● **PROBLEM TO SOLVE**: All of the data that follows is to be printed exactly, without pictures.

Start of INPUT FOR THIS TASK

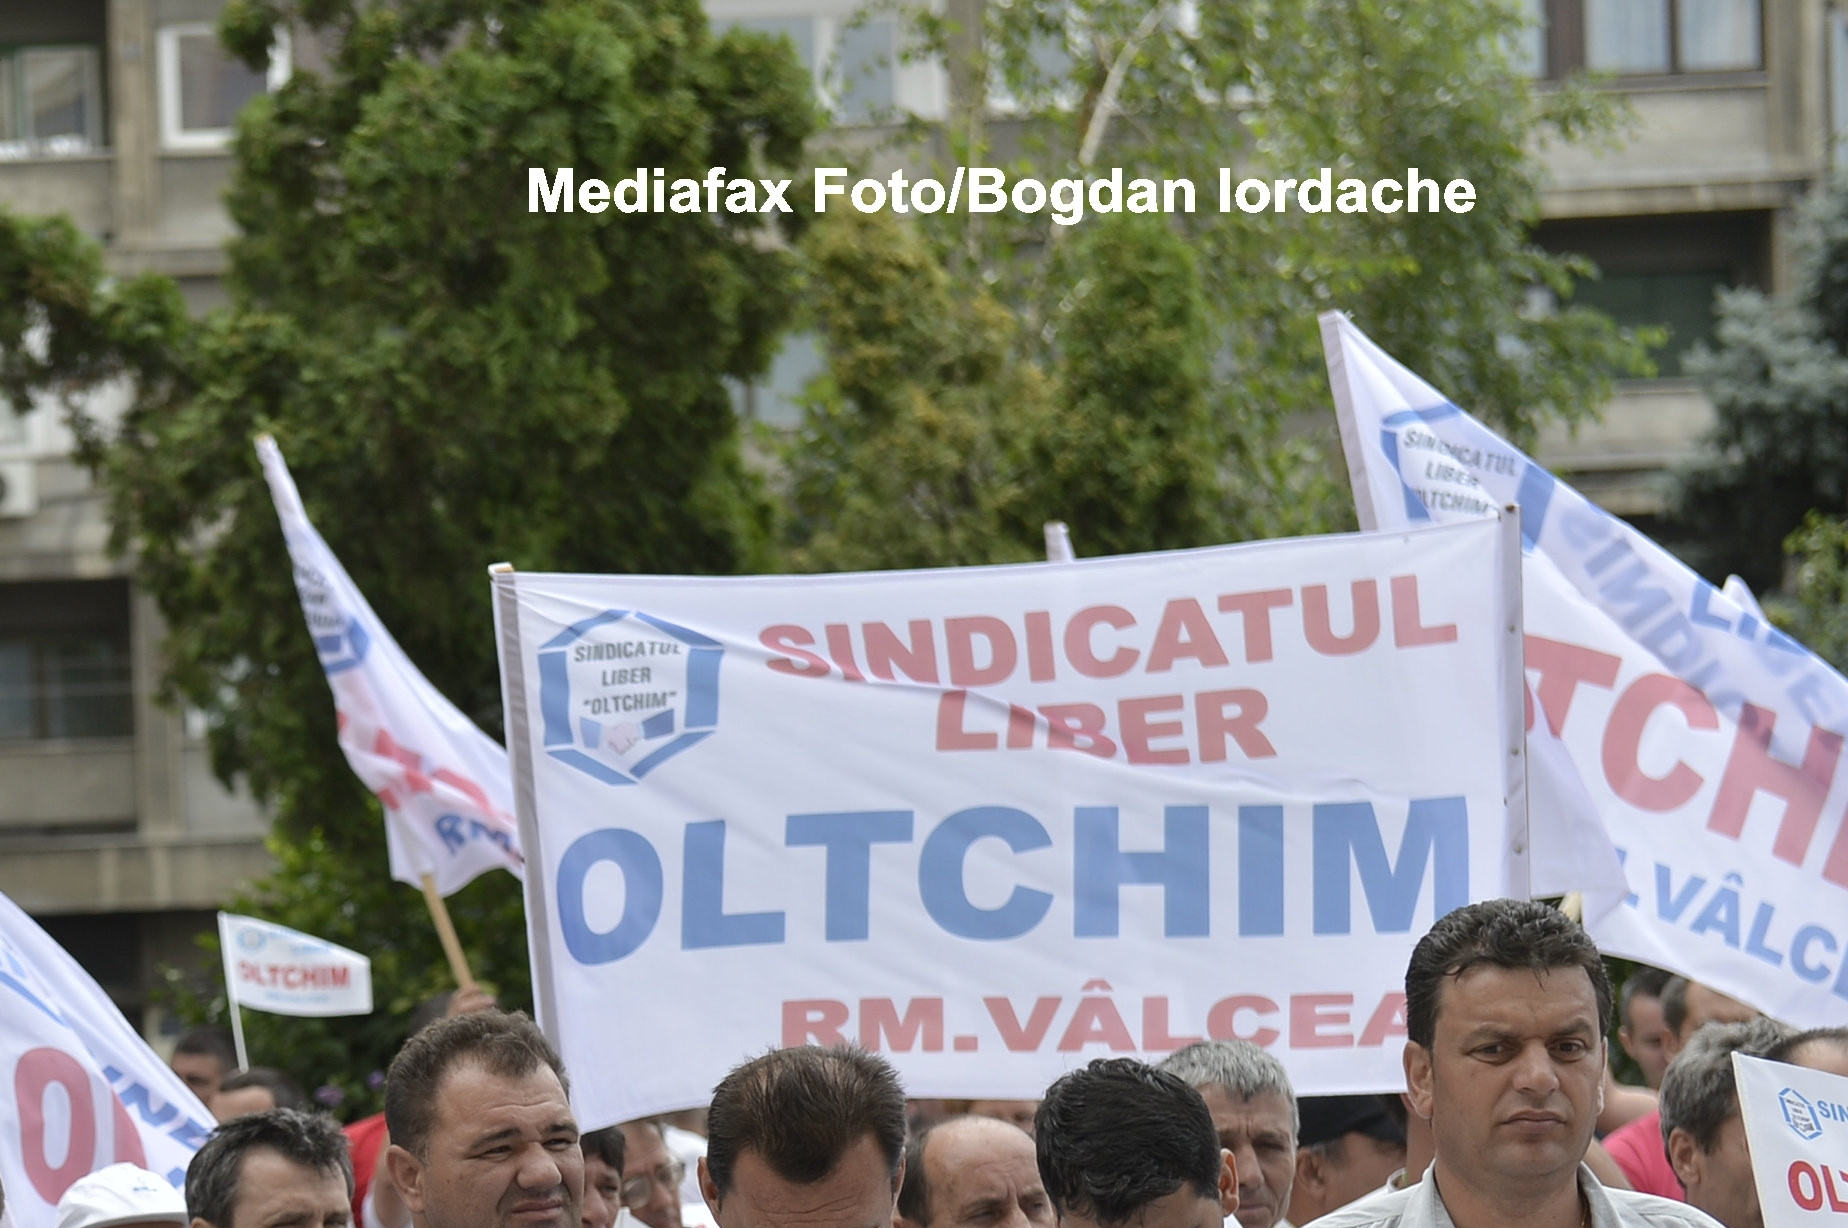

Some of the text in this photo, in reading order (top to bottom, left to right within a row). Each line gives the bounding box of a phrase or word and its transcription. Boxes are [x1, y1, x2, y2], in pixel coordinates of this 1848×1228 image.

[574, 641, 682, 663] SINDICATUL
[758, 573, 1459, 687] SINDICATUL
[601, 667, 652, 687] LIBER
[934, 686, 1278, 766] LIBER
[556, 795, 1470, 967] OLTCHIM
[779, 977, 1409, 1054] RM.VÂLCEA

End of INPUT FOR THIS TASK

● **ANSWER FOR THIS EXERCISE**:
Some of the text in this photo, in reading order (top to bottom, left to right within a row). Each line gives the bounding box of a phrase or word and its transcription. Boxes are [x1, y1, x2, y2], in pixel coordinates of this 1848×1228 image.

[574, 641, 682, 663] SINDICATUL
[758, 573, 1459, 687] SINDICATUL
[601, 667, 652, 687] LIBER
[934, 686, 1278, 766] LIBER
[556, 795, 1470, 967] OLTCHIM
[779, 977, 1409, 1054] RM.VÂLCEA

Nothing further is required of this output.